SUPPLIED RECORDS below:

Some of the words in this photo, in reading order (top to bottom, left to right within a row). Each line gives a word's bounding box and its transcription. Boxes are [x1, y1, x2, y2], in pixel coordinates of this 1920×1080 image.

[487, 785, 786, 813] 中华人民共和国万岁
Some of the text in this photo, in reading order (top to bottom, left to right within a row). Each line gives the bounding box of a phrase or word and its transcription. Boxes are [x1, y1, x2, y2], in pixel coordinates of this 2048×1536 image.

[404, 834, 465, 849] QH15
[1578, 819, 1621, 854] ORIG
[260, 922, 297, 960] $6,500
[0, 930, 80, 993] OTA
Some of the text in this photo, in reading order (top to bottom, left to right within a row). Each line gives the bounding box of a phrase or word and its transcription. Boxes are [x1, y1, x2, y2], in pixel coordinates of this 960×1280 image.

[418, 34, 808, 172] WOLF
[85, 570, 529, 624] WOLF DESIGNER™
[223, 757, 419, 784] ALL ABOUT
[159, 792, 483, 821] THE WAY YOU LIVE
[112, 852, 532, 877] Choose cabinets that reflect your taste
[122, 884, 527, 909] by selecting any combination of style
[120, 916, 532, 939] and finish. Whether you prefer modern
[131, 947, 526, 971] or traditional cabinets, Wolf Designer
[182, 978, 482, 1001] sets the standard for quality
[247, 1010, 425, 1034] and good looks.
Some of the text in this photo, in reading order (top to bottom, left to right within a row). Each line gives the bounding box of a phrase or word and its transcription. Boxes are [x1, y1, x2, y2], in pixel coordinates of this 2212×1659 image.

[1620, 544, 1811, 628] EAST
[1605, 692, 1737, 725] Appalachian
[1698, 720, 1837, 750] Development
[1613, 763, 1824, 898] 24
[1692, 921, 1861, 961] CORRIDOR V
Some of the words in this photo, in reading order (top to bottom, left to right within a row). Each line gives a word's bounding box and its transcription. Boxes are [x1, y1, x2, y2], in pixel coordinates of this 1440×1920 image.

End of SUPPLIED RECORDS.

Extract exactly the lines between the line containing "this 2212×1659 image." and the end of the data, including both.

**FINISHED EXERCISE:**
Some of the text in this photo, in reading order (top to bottom, left to right within a row). Each line gives the bounding box of a phrase or word and its transcription. Boxes are [x1, y1, x2, y2], in pixel coordinates of this 2212×1659 image.

[1620, 544, 1811, 628] EAST
[1605, 692, 1737, 725] Appalachian
[1698, 720, 1837, 750] Development
[1613, 763, 1824, 898] 24
[1692, 921, 1861, 961] CORRIDOR V
Some of the words in this photo, in reading order (top to bottom, left to right within a row). Each line gives a word's bounding box and its transcription. Boxes are [x1, y1, x2, y2], in pixel coordinates of this 1440×1920 image.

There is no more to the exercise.